Sinan Oğan: Öncelikle TUİÇ’te emeği geçen herkese teşekkür etmek istiyorum. TUİÇ benim Türkiye’de beğeniyle takip ettiğim bir öğrenci topluluğudur. Maalesef uluslararası ilişkiler alanında var olan eksikliği TUİÇ gibi öğrenci toplulukları bir şekilde gidermeye çalışıyorlar. Aslında siz devletin, YÖK’ün, üniversite yönetimlerinin yapması gereken şeyleri yapıyorsunuz. Önemli bir misyon üstlenmişsiniz ve sizden çok ümitliyim. İleride TUİÇ’in çok daha iyi şeyler yapacağını, iyi noktalara geleceğini düşünüyorum.

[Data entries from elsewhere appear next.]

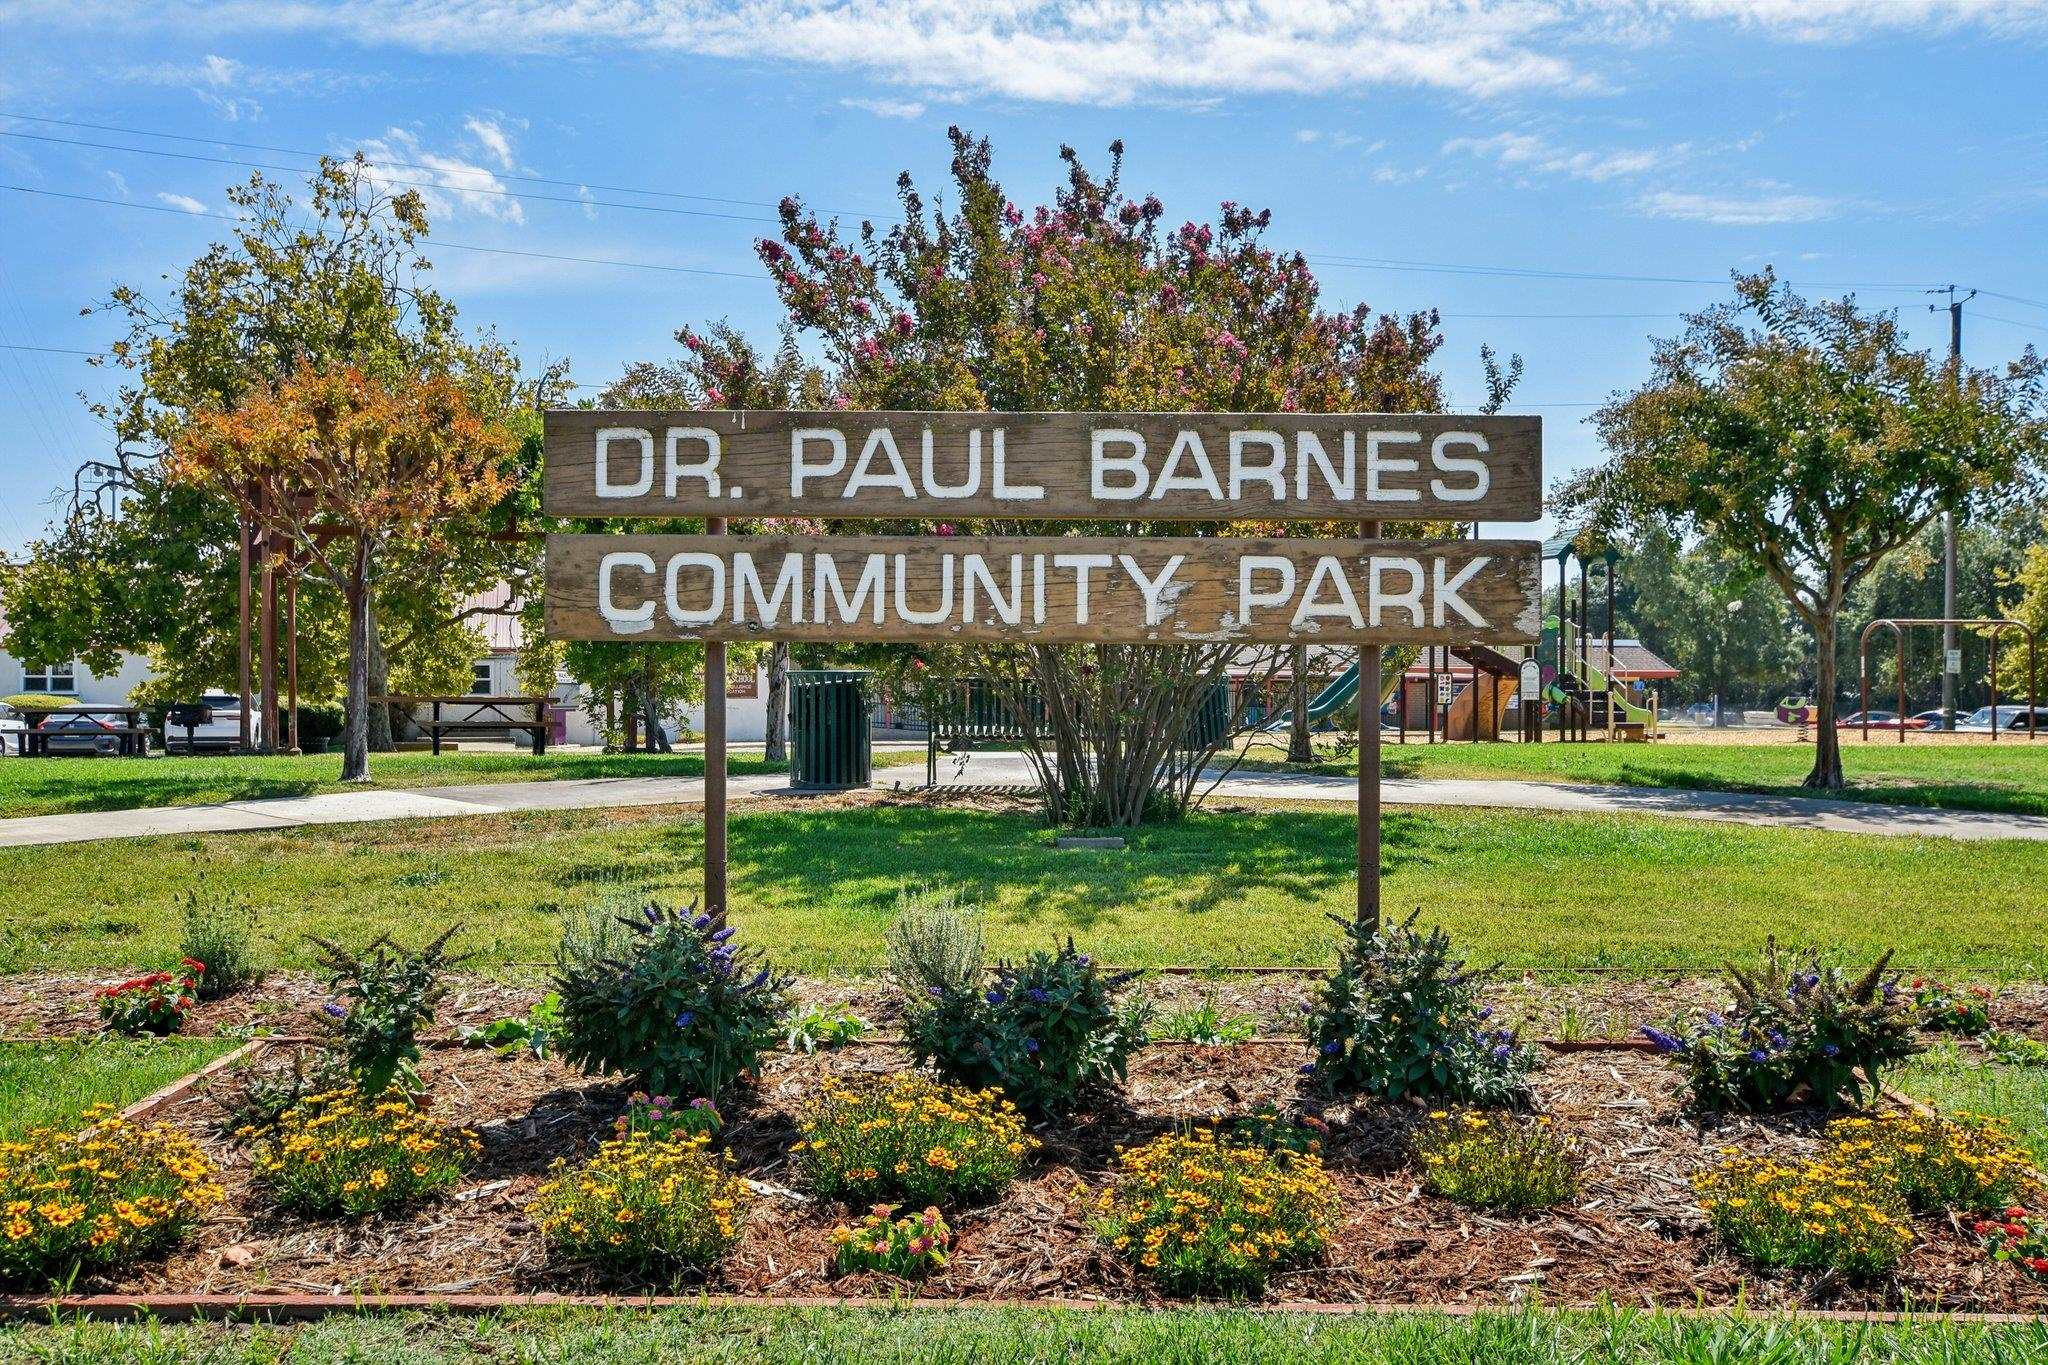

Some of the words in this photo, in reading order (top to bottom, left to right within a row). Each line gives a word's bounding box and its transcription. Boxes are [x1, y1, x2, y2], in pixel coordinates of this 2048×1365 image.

[595, 427, 743, 499] DR.
[790, 427, 1046, 500] PAUL
[1090, 429, 1491, 502] BARNES
[598, 551, 1186, 626] COMMUNITY
[1239, 555, 1492, 629] PARK
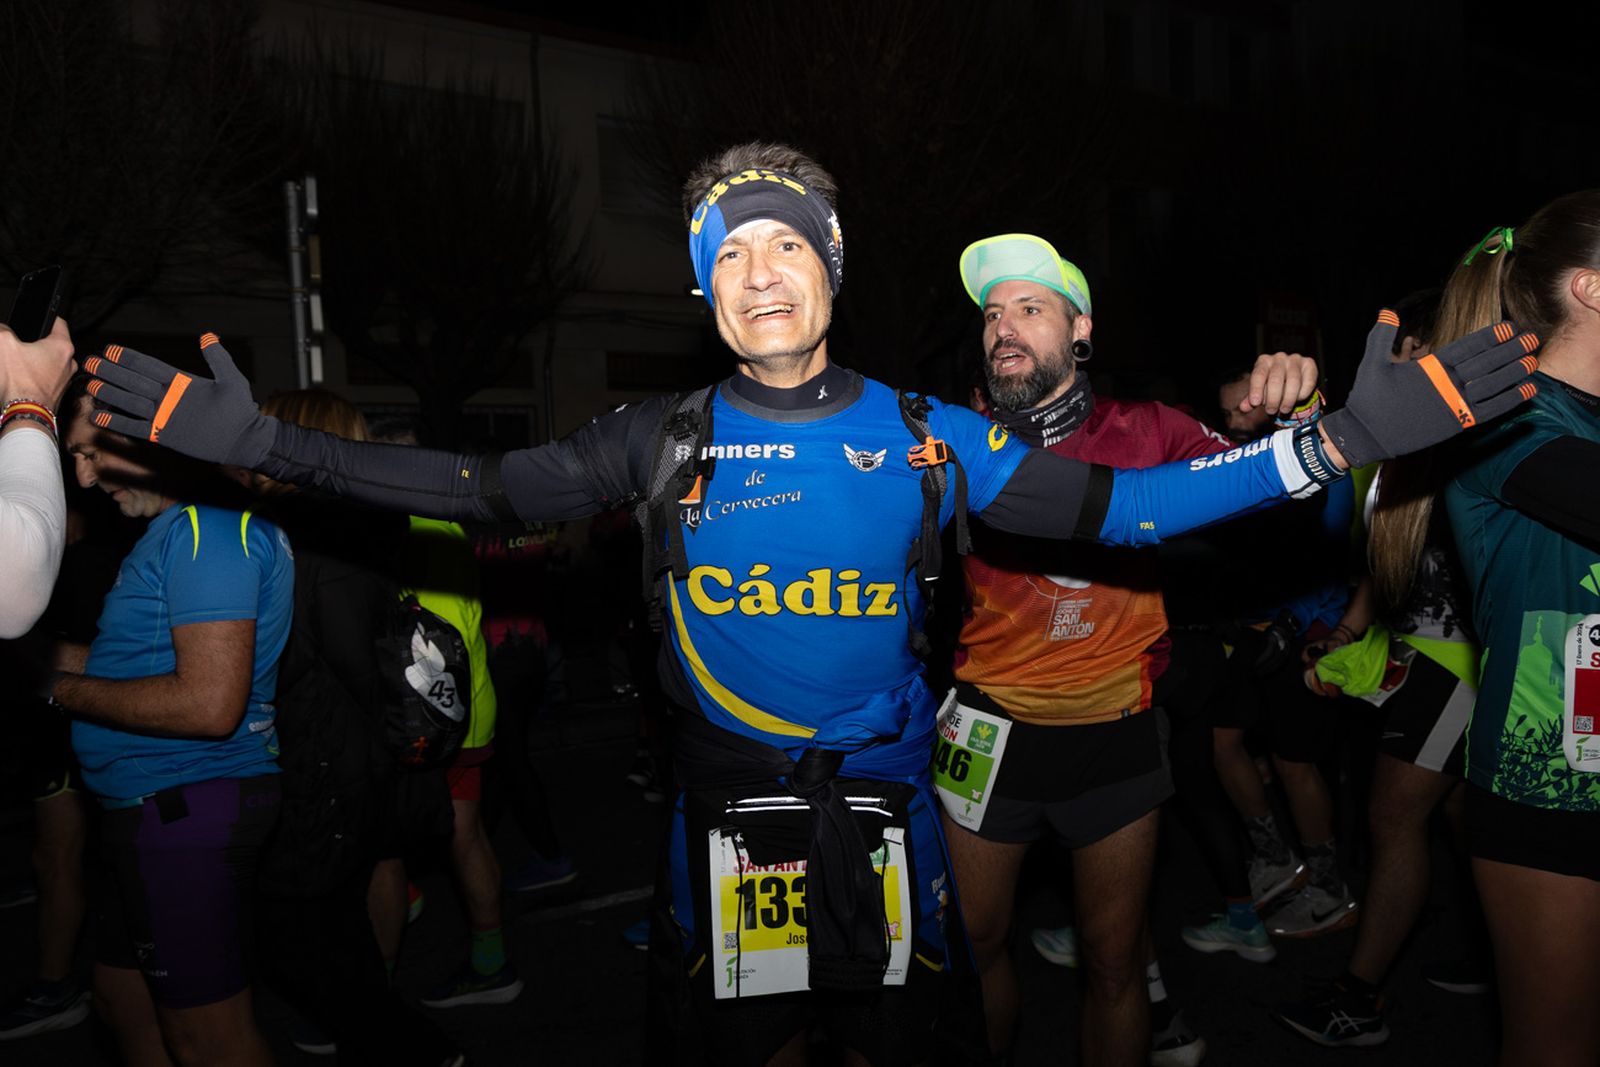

Türkiye’deki sıkıntıların başında uluslararası ilişkiler bölümünde çok genel bilgiler verilmesi gelmektedir. Dünya artık uzmanlaşmaya giderken Türkiye’de en büyük eksik bölge uzmanlarının yetişmemesidir. Kişiler kendi çabalarıyla bir takım işler yaparsa, kendilerini yetiştirirlerse Rusya, Çin, Kafkasya ya da Ermeni uzmanı olabiliyorlar. Bunun dışında üniversiteden bu şekilde mezun olarak yetişmek çok mümkün değil. Örneğin Rusya’da benim doktora yaptığım Moskova Uluslararası İlişkiler Üniversitesi’nde (MGİMO) seçmeli ve zorunlu ders olarak 156 tane dil öğretiliyor. Dolayısıyla o okul Rusya’nın bütün diplomat ihtiyacını karşılıyor. Bizde İngilizce, Fransızca ve Almancanın yanında üniversitelerin uluslararası ilişkiler bölümünde öğretilen başka bir dil yok gibidir. Yine söz konusu üniversitede Türkiye uzmanı veya Çin uzmanı yetiştiren ayrı bir bölüm var. Türkiye’deki diplomatlarımızın, uluslararası ilişkiler hocalarımızın dâhi haritada yerini bulmakta güçlük çektiği ülkelerle ilgili uzman yetiştiriliyor, o bölgenin dilini öğretiyorlar. Öğrenci, uluslararası ilişkiler eğitiminin ve bütün teorik derslerin yanı sıra Türkiye uzmanı olarak yetişiyorsa İngilizceyi ve Türkçeyi öğreniyor isterse bir üçüncü dili de seçmeli ders olarak öğrenebiliyor. Ayrıca Türkiye’yi incelerken Türkiye’nin siyasetinden ekonomisine her şeyini öğreniyorlar. Ayrı bir stüdyoda Türkiye’yle ilgili ana haber bültenleri kaydediliyor ve öğrenciler günlük olarak haberleri izliyor, günlük gazeteleri takip ediyorlar. Böylelikle Türkiye uzmanı olarak yetişen bir öğrenci mezun olduğu zaman, Türkiye’ye diplomat olarak görevli geldiği zaman Türkçeyi çok rahat konuşabiliyor. Türkiye’de hangi parti ne iş yapar, kim kimdir, devletin politikası nedir, dış politikası nedir, ülkelerle ilişkisi nasıldır, hassasiyetleri nedir gibi soruların cevaplarını çok iyi biliyor. Bizim diplomatımızın Çin’e gittiğini düşünün. 3 ya da 4 yıllığına gittiği görevinde Çinceyi öğrenmek ve tüm bu konuların detaylarına vâkıf olmak zorundadır ki, bu vakit içerisinde zaten görev süresi bitiyor. Türkiye’de bir sistem yanlışlığının var olduğunu ve bunun giderilmesinin uluslararası ilişkiler disiplini eğitiminin yeniden planlanmasıyla başlayacağını düşünüyorum.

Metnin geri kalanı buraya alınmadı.